Я получил, любезнейший папинька, ваши два последние письма и не могу передать вам, сколь я был растроган добротой, с какой вы позаботились о нашем будущем устройстве в Москве. С другой стороны, мне несколько досадно, что вы потратились, дабы предоставить нам пользование квартирой. Ибо, судя по тому, как складываются здесь дела, я пока не вижу, когда смогу уехать отсюда. Вот как они обстоят. На прошлой неделе я виделся с вице-канцлером, и прием, оказанный им мне, намного превзошел мои ожидания. Не знаю, сказывал ли я вам, что в прошлом году мы были в постоянных сношениях и что некоторые мои письма, относящиеся до вопросов дня, были представлены и ему и государю. И вот после четвертьчасовой беседы о том, что служило предметом нашей переписки, он весьма любезно спросил меня, не соглашусь ли я вернуться на службу. Так как я уже давно предвидел этот вопрос, я сказал ему, что да и как я мыслю это возвращение. Тогда он попросил меня продлить мое пребывание в Петербурге, говоря, что считает необходимым что-то устроить, что он об этом подумает и вскорости я о нем услышу. Одним словом, и дабы сократить ненавистное мне писание, — я был вполне удовлетворен этим свиданием, даже не столько из своих личных интересов, сколько в интересах дела, единственно меня затрагивающего.
На днях я познакомился также с графиней Нессельроде, которая отнеслась ко мне чрезвычайно ласково и любезно. Я встретился с ней у князя Вяземского. Мы были вчетвером, оба Вяземские, она и я, и разошлись только в три часа утра. Через день она пригласила меня к себе. Мне оказан был самый ласковый прием. Это весьма умная женщина и отменно любезная с теми, кто ей нравится. Опускаю подробности, ибо в письме они походили бы на сплетни. Но о чем я не могу умолчать, это о приязни, какую при всяких обстоятельствах выказывает мне князь Вяземский.
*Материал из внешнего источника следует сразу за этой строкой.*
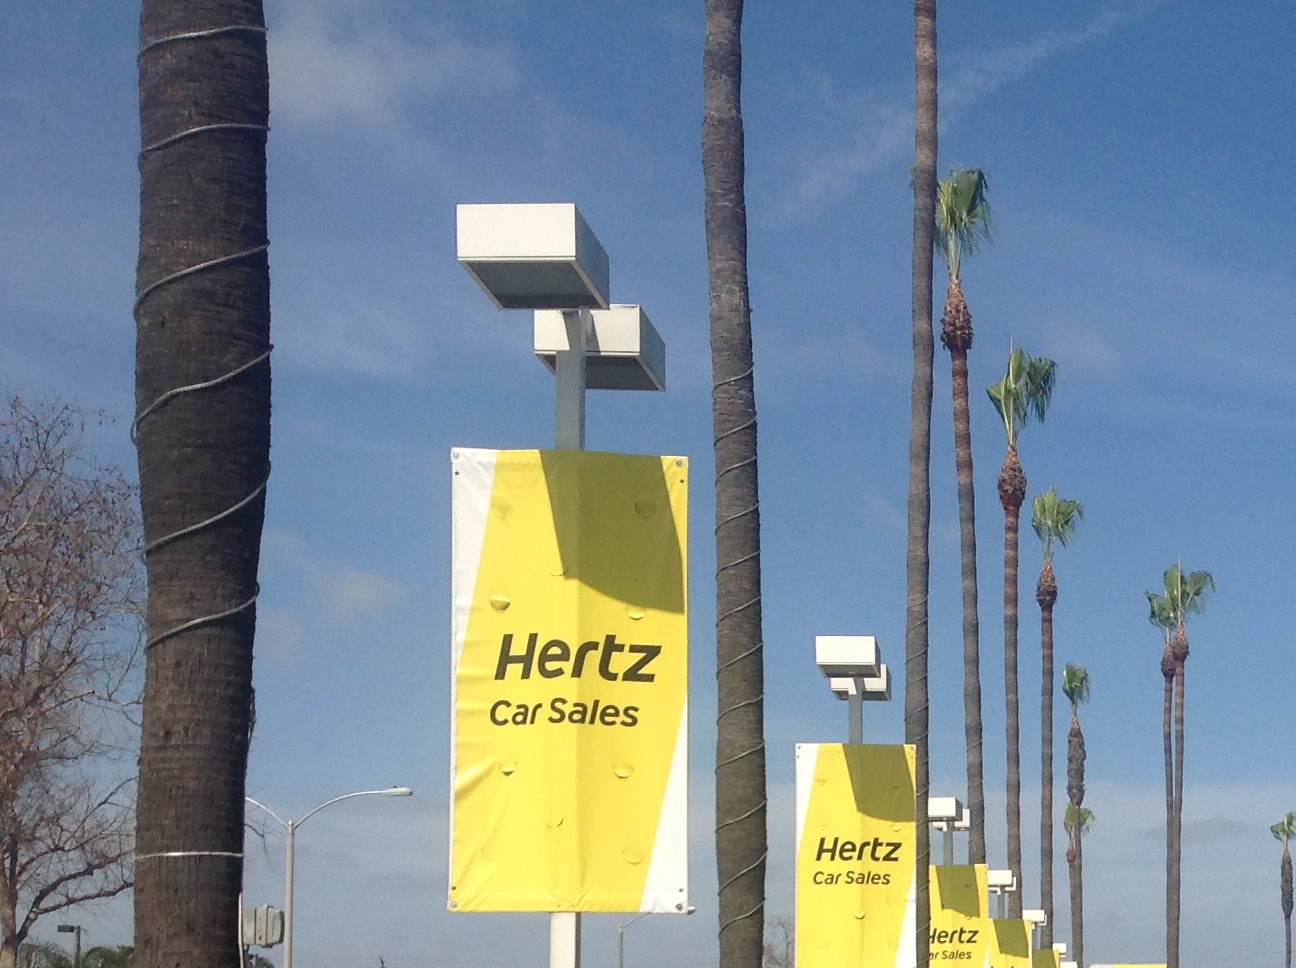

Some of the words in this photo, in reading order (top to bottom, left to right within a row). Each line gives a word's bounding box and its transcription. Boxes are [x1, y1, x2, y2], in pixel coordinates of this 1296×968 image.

[494, 632, 662, 682] Hertz
[489, 699, 543, 726] Car
[548, 697, 640, 727] Sales
[815, 836, 903, 862] Hertz
[813, 871, 842, 885] Car
[844, 870, 891, 885] Sales
[941, 949, 972, 960] Sales
Самый близкий родственник не мог бы с большим рвением и усердием, нежели он, заботиться о моем благе.
Именно с этих, описываемых Тютчевым, дней начинается самая трогательная и долгая (до смерти Фёдора Ивановича в 1873 году) дружба двух поэтов и государственников - между ним и князем Вяземским. Оба смотрят на Россию одинаково, оба истово ей служат, оба - истинные (а не записные) патриоты Отечества своего. и ещё... Оба - крайне, сказать более - перманентно влюбчивы. Князь Пётр лишь недавно пережил безответное увлечение вернувшейся в столицу вдовою Пушкина Натальей Николаевной, Тютчев долгое время разрывался между второй женою Эрнестиной и молоденькой Лёлей Денисьевой... "Лев сезона" - так иронично отозвался о друге Вяземский, многое сделавший для скорейшего приёма Тютчева высшим светом.
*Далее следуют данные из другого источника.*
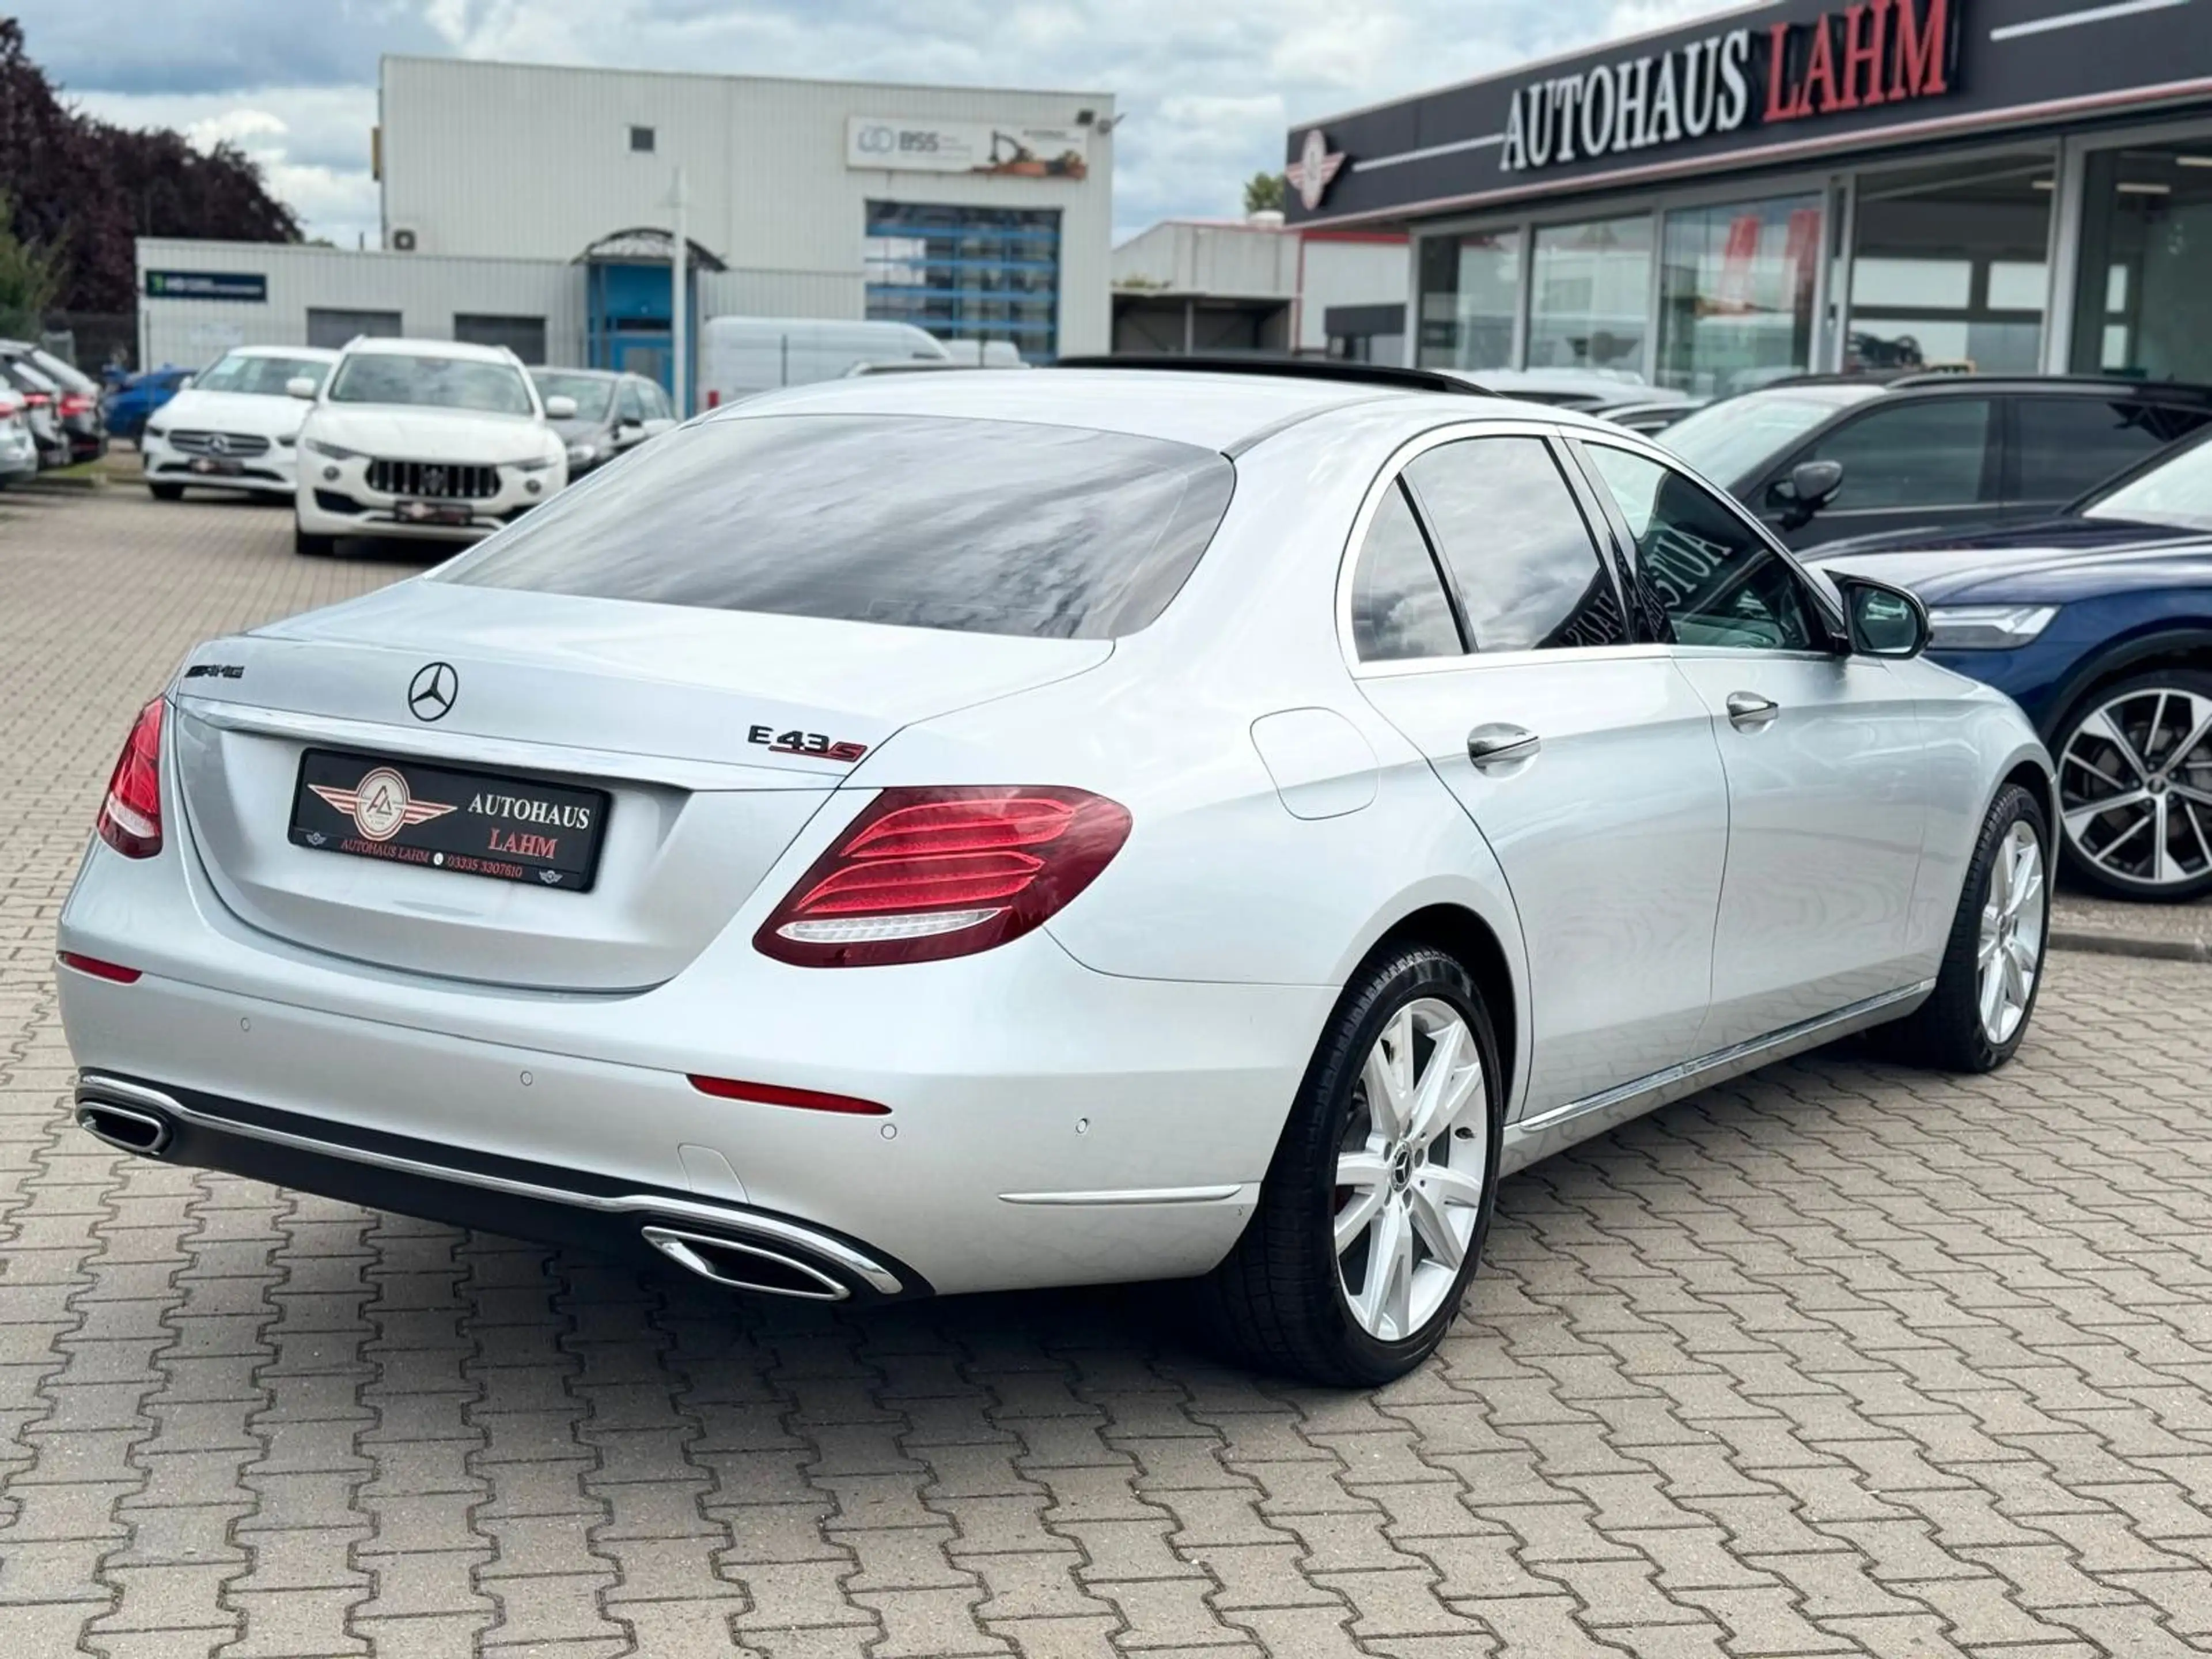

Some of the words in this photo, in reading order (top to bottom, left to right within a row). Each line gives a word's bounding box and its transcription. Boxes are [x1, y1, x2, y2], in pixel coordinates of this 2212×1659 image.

[1499, 28, 1749, 172] AUTOHAUS
[1763, 0, 1948, 123] LAHM
[467, 793, 590, 830] AUTOHAUS
[340, 839, 397, 858] AUTOHAUS
[398, 847, 430, 863] LAHM
[488, 827, 558, 859] LAHM
Я же сегодня приведу одно из его не очень известных стихотворений, посвященное как раз осенней поре (у нас же осень!)
Есть в осени первоначальной
Короткая, но дивная пора —
Весь день стоит как бы хрустальный,
И лучезарны вечера...
Где бодрый серп гулял и падал колос,
Теперь уж пусто все — простор везде, —
Лишь паутины тонкий волос
Блестит на праздной борозде.
Пустеет воздух, птиц не слышно боле,
Но далеко еще до первых зимних бурь —
И льется чистая и теплая лазурь
На отдыхающее поле...
Для многих из нас собственное имение представляется чем-то идиллически-пасторальным: грибы-ягоды, мужики что-то пашут, коровы сами собою дают молоко, сады ломятся от плодов, урожай льна столь хорош, что денег у барина после его продажи - куры не клюют, по утрам прекрасно пить чай на веранде с тёплыми булками, ветчиною и вареньями, а вечером - наслаждаться Шопеном, недурно исполняемым дочерью заехавшего погостить соседа на стареньком ланнеровском рояле... Угу! Письмо от 27 октября 1869 года Михаила Евграфовича Салтыкова-Щедрина к управляющему своим подмосковным имением Алексею Фёдоровичу Каблукову самым ярким образом свидетельствует об обратном... да ещё о том, что прожить одним лишь натуральным хозяйством в России второй половины девятнадцатого века могли себе позволить лишь самые непритязательные... либо самые въедливые, вроде чеховского дяди Вани. Письмо чрезвычайно пространно - даже и в сокращённом мною виде - и изобилует таким количеством хозяйственных подробностей, что просто диву даёшься - как это далёкий (вроде бы) от деревенского быту писатель, пробивающий к тому же в Петербурге, всё это может помнить и во всё собственноручно вникать?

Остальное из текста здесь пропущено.